- **TASK BRIEF**
Each entry should be copied as it stands, leaving the pictures behind.

%%

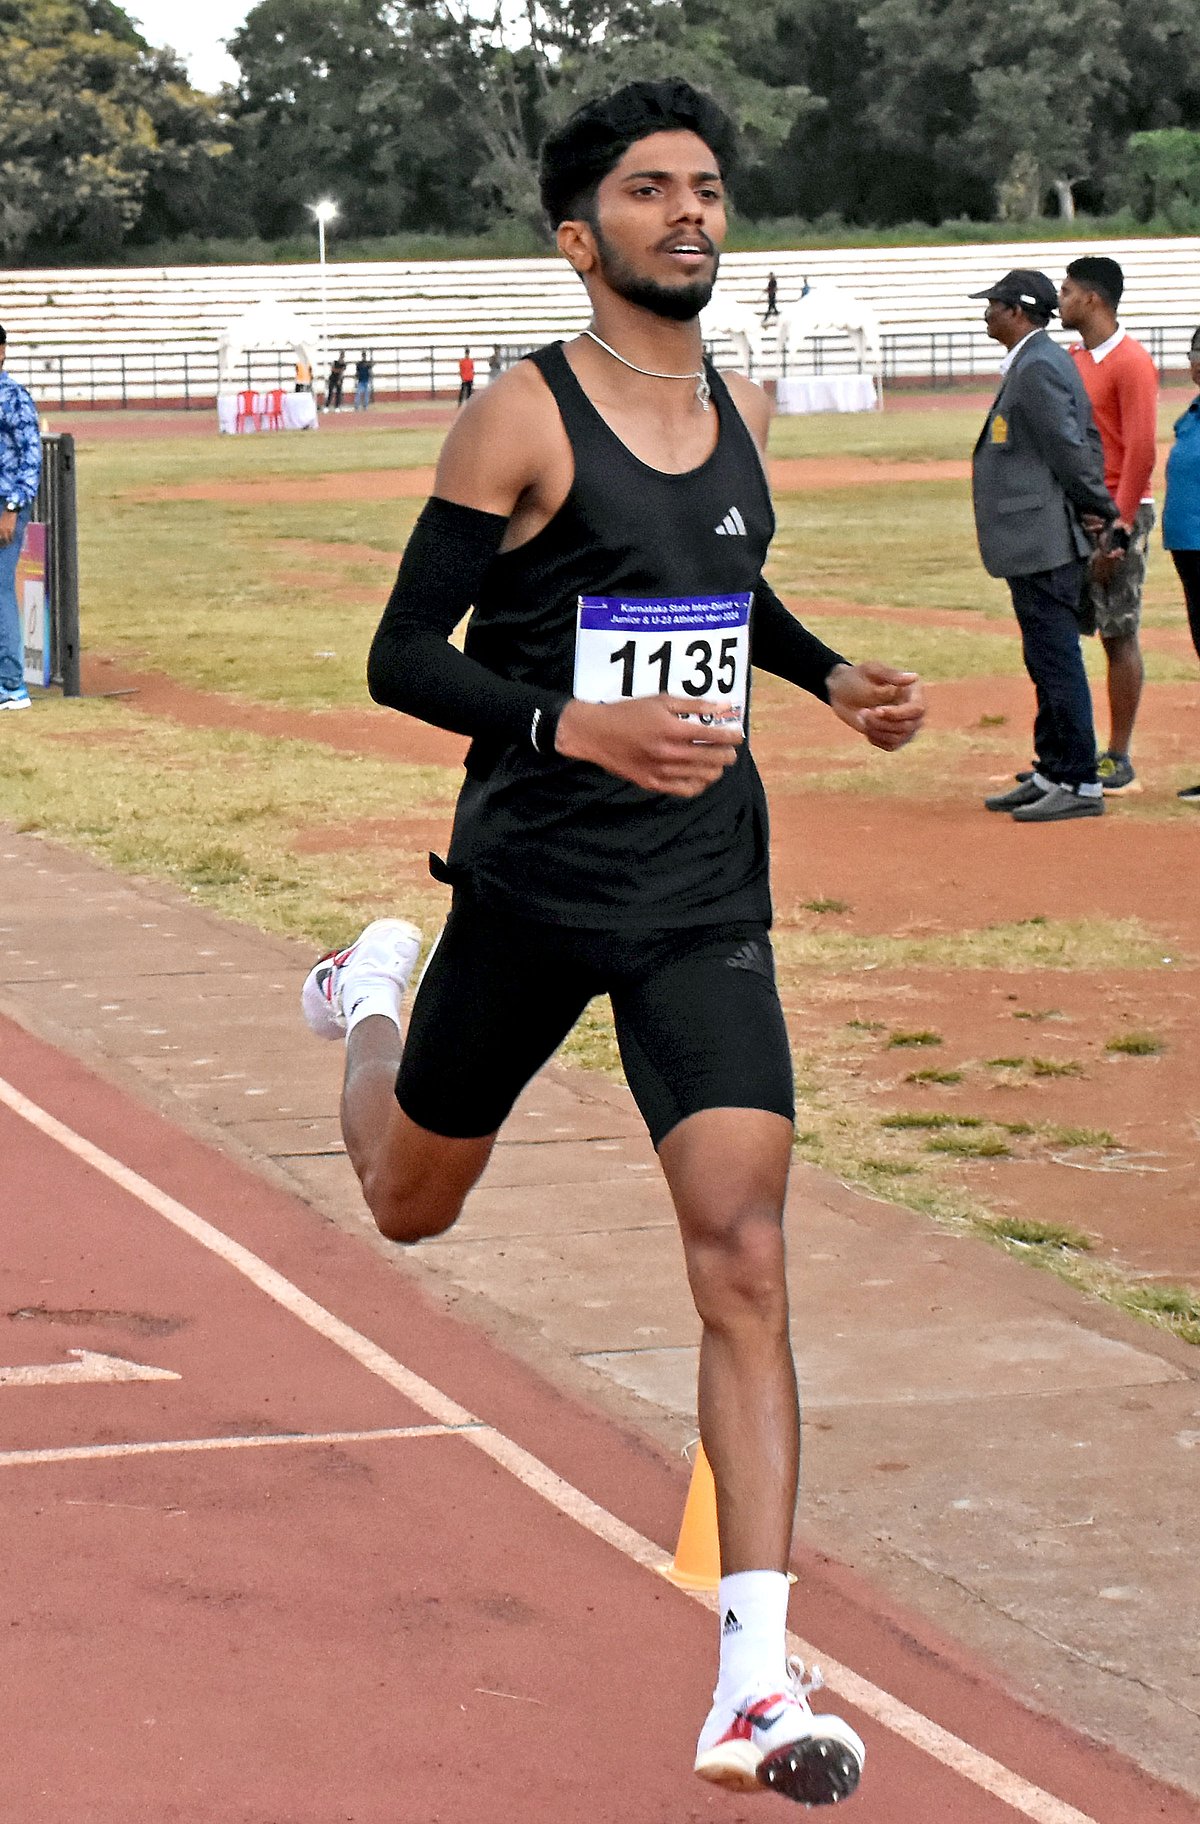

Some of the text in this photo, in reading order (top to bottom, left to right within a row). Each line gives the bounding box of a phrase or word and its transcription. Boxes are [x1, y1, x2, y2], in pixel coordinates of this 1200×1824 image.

[620, 603, 667, 613] Karnataka
[668, 603, 690, 613] State
[610, 614, 640, 624] Junior
[642, 615, 650, 625] &
[673, 613, 704, 624] Athletic
[610, 637, 739, 697] 1135
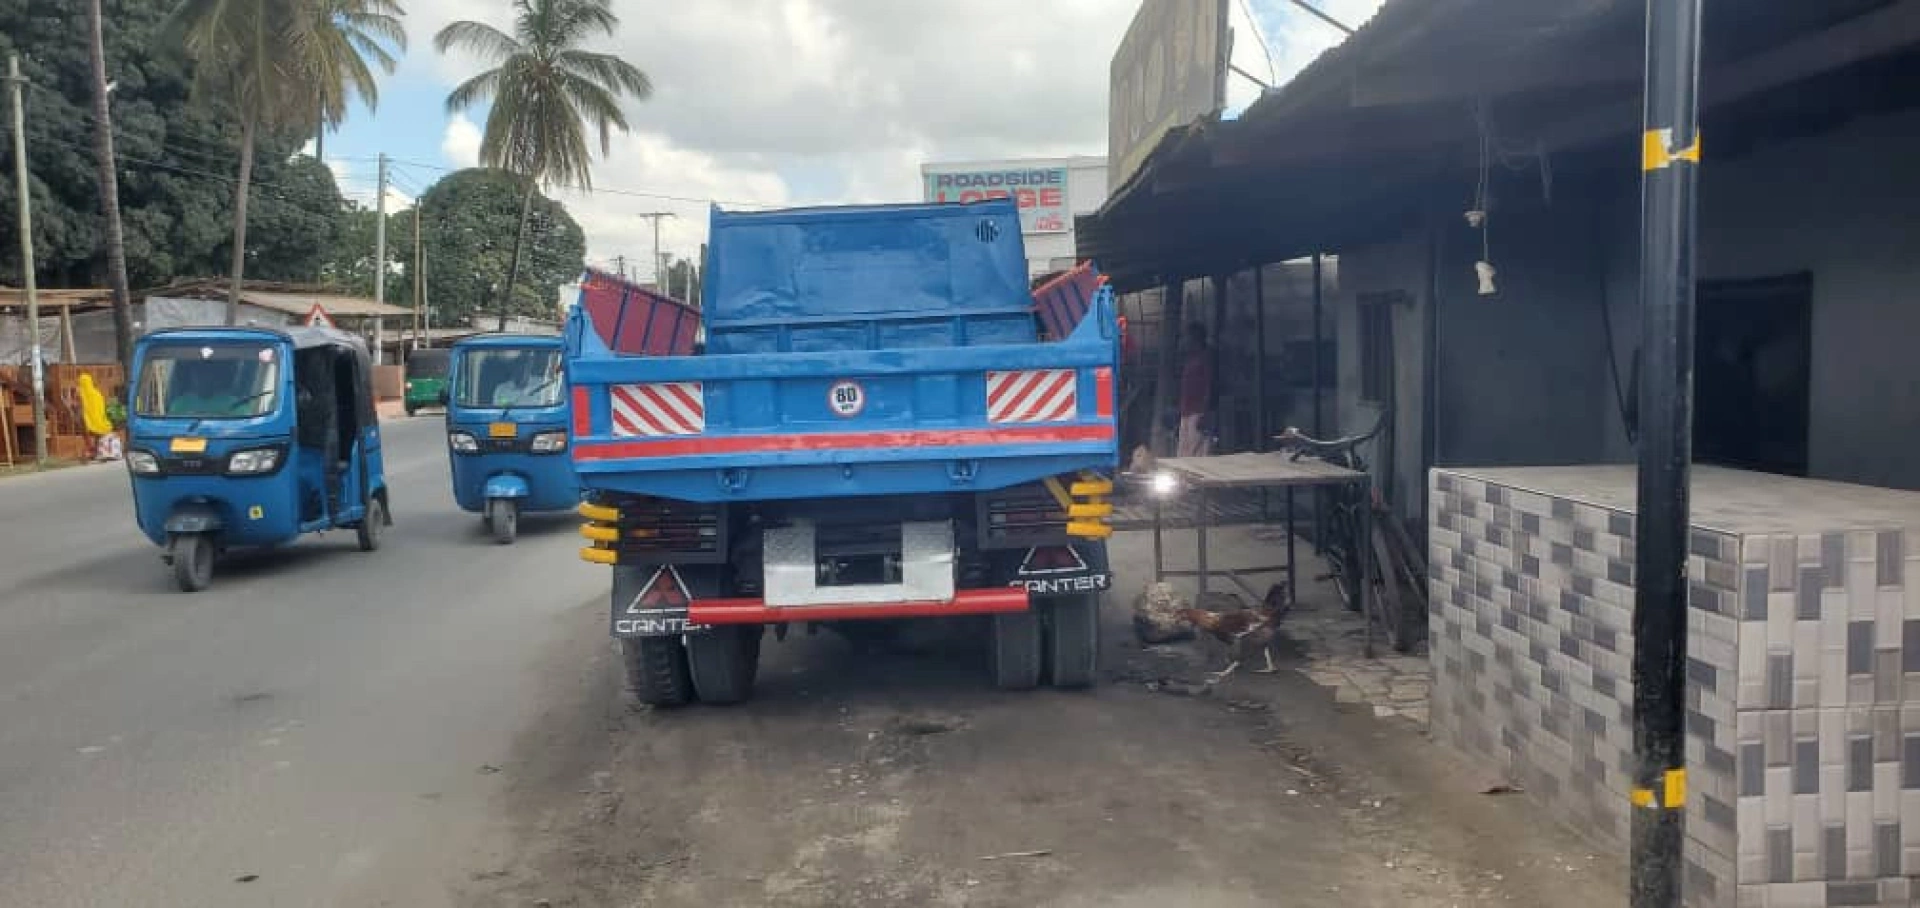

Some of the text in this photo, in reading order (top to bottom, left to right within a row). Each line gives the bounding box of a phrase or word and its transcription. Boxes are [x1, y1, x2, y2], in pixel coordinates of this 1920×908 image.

%%

- **TASK RESPONSE**
Some of the text in this photo, in reading order (top to bottom, left to right within a row). Each line gives the bounding box of a phrase or word and its transcription. Boxes are [x1, y1, x2, y2], in pixel coordinates of this 1200×1824 image.

[620, 603, 667, 613] Karnataka
[668, 603, 690, 613] State
[610, 614, 640, 624] Junior
[642, 615, 650, 625] &
[673, 613, 704, 624] Athletic
[610, 637, 739, 697] 1135

Some of the text in this photo, in reading order (top to bottom, left to right within a row). Each line gives the bounding box of a phrase or word and its transcription. Boxes are [x1, y1, x2, y2], in pixel coordinates of this 1920×908 image.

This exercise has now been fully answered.